Beside IQ tests being biased, many psychologists agree that intelligence isn't something you're born with, but something you learn. And learning depends on your socio-economic conditions. Or that it's a mixture of both. For example, I remember reading about intelligence tests they did on African-Americans in south USA and in north USA (at the time of WW1). And they found that those in the north had averagely a much bigger IQ then those in the south (even from many whites there), because they had better standards of living etc.
And whose fault is it that people from Mozambique (or poor regions in general) don't have good enough socio-economic conditions to learn (because learning obviously comes AFTER fighting for bare survival)?
So of course "people like Thomas Edison" aren't born in Mozambique or whatever.
Also, Thomas Edisone wasn't even fucking smart. All he did was copy ideas of other people. And those few that he did come up on his own were through trial and error (as he said it himself) and trial and error is NOT intelligence.
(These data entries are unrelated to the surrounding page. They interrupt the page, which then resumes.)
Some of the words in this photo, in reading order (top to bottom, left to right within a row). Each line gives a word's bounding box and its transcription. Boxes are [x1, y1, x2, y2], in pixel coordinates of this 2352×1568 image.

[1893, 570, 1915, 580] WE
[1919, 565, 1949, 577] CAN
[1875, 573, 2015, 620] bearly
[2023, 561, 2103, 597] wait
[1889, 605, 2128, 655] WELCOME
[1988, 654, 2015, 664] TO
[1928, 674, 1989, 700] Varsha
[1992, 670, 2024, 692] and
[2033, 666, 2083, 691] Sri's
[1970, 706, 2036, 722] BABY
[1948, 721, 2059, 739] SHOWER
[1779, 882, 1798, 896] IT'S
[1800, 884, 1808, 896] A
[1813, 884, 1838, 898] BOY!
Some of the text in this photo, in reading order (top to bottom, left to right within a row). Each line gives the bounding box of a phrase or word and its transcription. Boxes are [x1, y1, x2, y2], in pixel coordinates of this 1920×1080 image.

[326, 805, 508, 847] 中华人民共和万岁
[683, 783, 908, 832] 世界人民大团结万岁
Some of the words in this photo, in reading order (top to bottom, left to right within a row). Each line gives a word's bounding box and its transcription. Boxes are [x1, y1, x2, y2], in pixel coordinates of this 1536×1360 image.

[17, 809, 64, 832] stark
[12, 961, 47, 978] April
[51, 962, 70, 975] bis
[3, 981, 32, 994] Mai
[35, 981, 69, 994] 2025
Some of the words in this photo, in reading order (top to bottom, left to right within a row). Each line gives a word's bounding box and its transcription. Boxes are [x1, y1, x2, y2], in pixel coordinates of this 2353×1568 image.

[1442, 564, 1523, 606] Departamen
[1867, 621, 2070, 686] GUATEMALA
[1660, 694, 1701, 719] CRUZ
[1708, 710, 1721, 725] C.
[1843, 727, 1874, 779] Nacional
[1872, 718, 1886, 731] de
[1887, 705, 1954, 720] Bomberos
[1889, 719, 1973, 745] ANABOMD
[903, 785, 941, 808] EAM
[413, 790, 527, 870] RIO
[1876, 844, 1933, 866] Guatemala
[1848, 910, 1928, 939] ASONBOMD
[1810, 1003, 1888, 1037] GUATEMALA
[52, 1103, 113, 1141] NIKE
...Dok je uprava gore, dronjav žitelj dolje, a vojska grdna zvijer na tankom lancu, bit će buna i pohara...
- Derviš Sušić
I love this thread. It's been super educational. Thanks guys. Keep it coming.
The guy is also using his gig as an R&D specialist as a way to tout his own achievements as a genius pillar of society.
Isn't a lot of R&D research funded by the government?
Intelligence isn't hereditary or intrinsic to races, that much is obvious. It's cultivated and grown- a country like Equatorial Guinea does not have robust public investments (as well as money from industry, business, other private groups...) into education like Japan has. If anything this underscores a problem with capitalist systems concentrating the wealth of the world into a small group of nations. It wasn't too long ago when Europeans and Americans were applying the same arguments to nations like Japan to explain why they were superior, nations they now hold up as model ethnicities to act like they aren't racist, only pointing out "facts" when it comes to Africa.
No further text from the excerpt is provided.